===== Dataset content

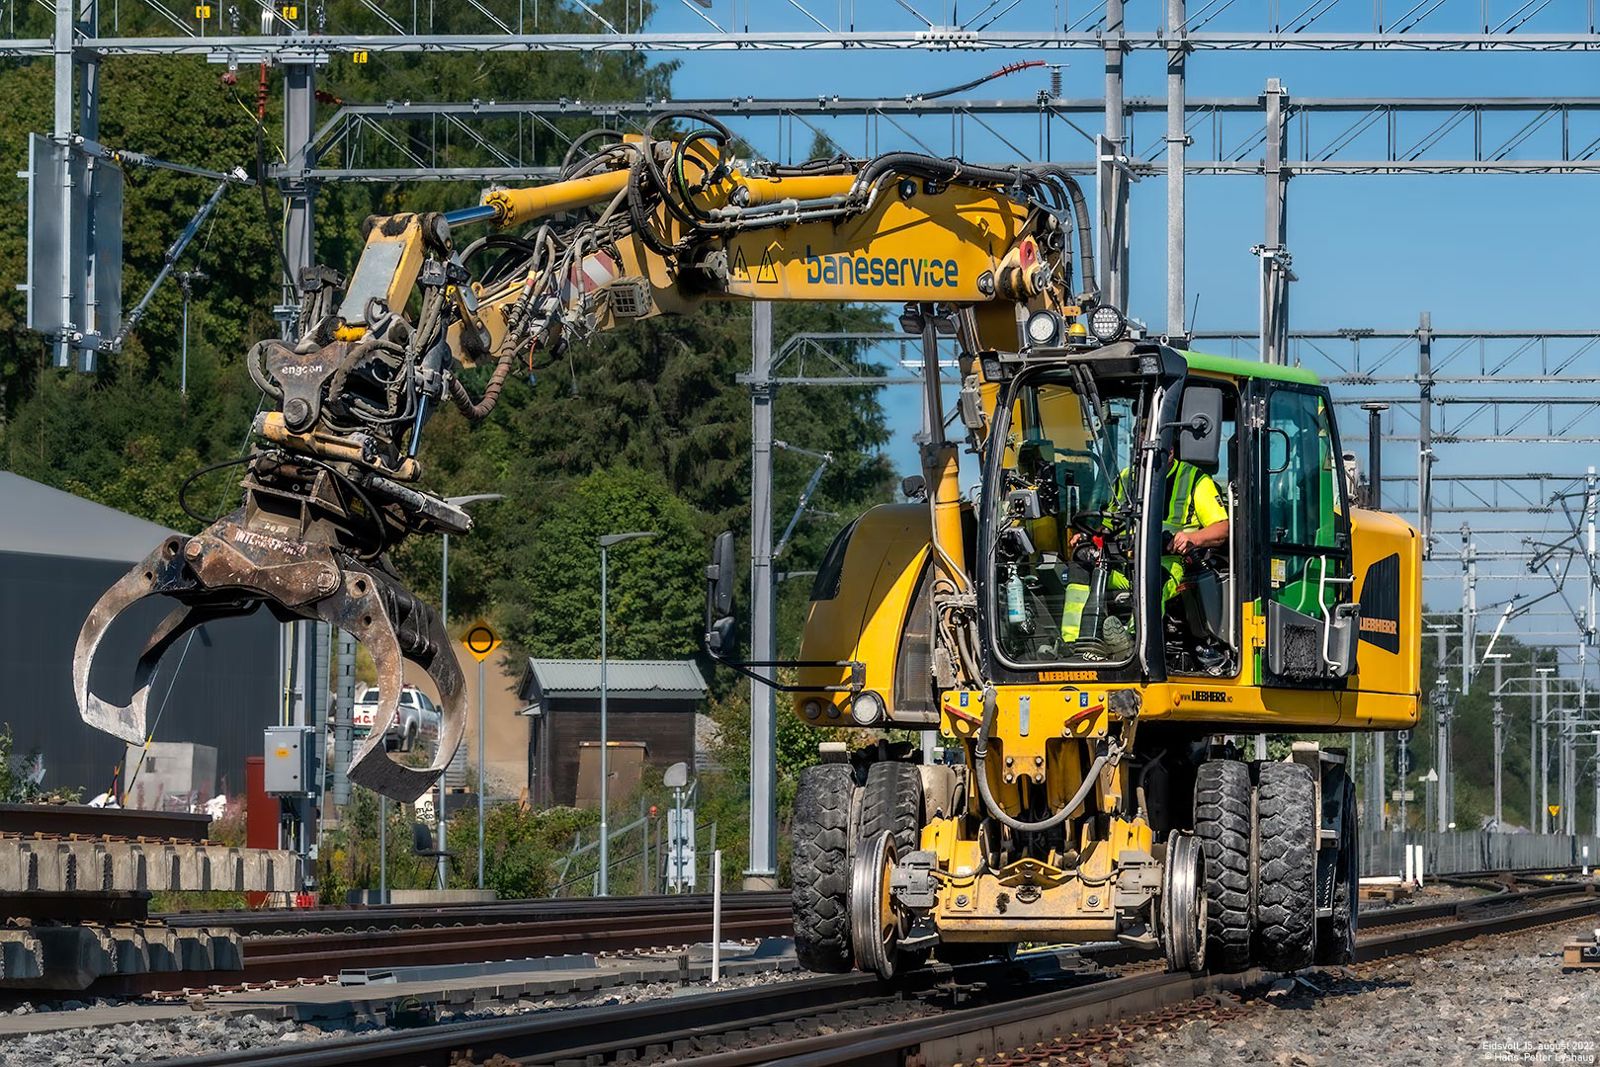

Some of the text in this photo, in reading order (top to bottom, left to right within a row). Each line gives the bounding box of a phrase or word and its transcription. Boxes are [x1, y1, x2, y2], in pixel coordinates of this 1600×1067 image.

[806, 244, 959, 288] baneservice
[281, 364, 323, 377] engcon
[1359, 616, 1397, 635] LIEBHERR
[1038, 671, 1099, 681] LIEBHERR
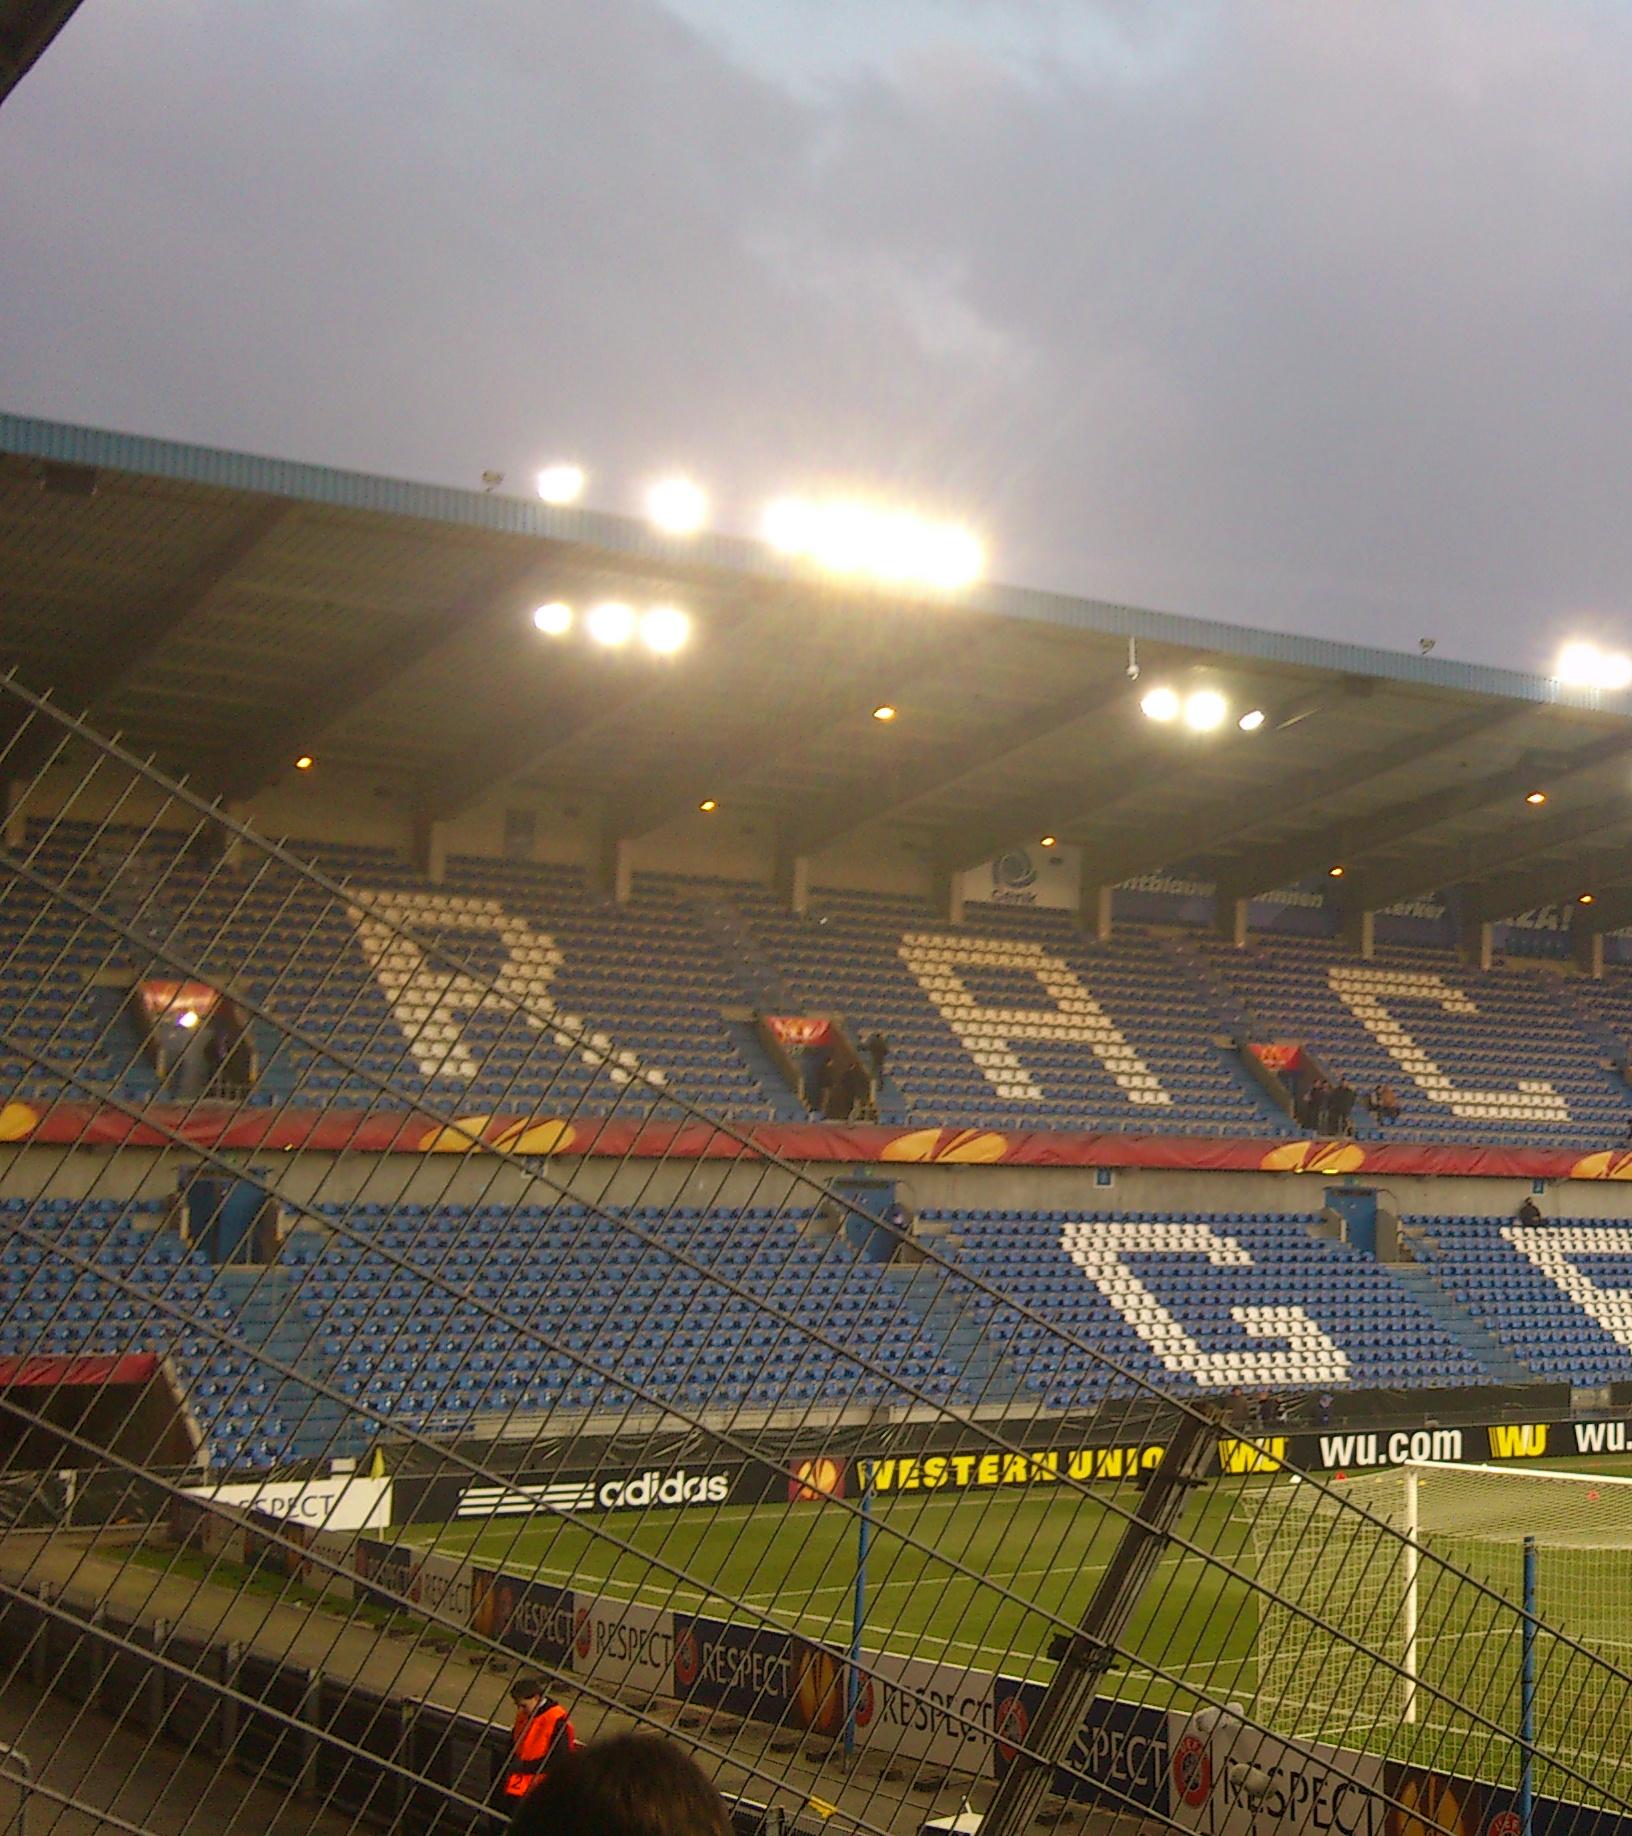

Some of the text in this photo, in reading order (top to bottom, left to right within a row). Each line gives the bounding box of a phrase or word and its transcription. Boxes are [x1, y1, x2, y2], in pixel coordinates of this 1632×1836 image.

[1218, 1436, 1288, 1474] WU
[1487, 1424, 1548, 1459] WU
[599, 1470, 731, 1508] adidas
[857, 1446, 1166, 1491] WESTERN UNIO
[513, 1602, 574, 1646] RESPECT
[596, 1621, 674, 1670] RESPECT
[702, 1641, 791, 1699] RESPECT
[882, 1681, 995, 1745] RESPECT
[1062, 1724, 1168, 1788] SPECT

==========

▸ Aim of the exercise: Please repeat the lines above exactly, beginning with the line that contains "this 1632×1836 image." and ending with the final one.

▸ Solution below:
Some of the text in this photo, in reading order (top to bottom, left to right within a row). Each line gives the bounding box of a phrase or word and its transcription. Boxes are [x1, y1, x2, y2], in pixel coordinates of this 1632×1836 image.

[1218, 1436, 1288, 1474] WU
[1487, 1424, 1548, 1459] WU
[599, 1470, 731, 1508] adidas
[857, 1446, 1166, 1491] WESTERN UNIO
[513, 1602, 574, 1646] RESPECT
[596, 1621, 674, 1670] RESPECT
[702, 1641, 791, 1699] RESPECT
[882, 1681, 995, 1745] RESPECT
[1062, 1724, 1168, 1788] SPECT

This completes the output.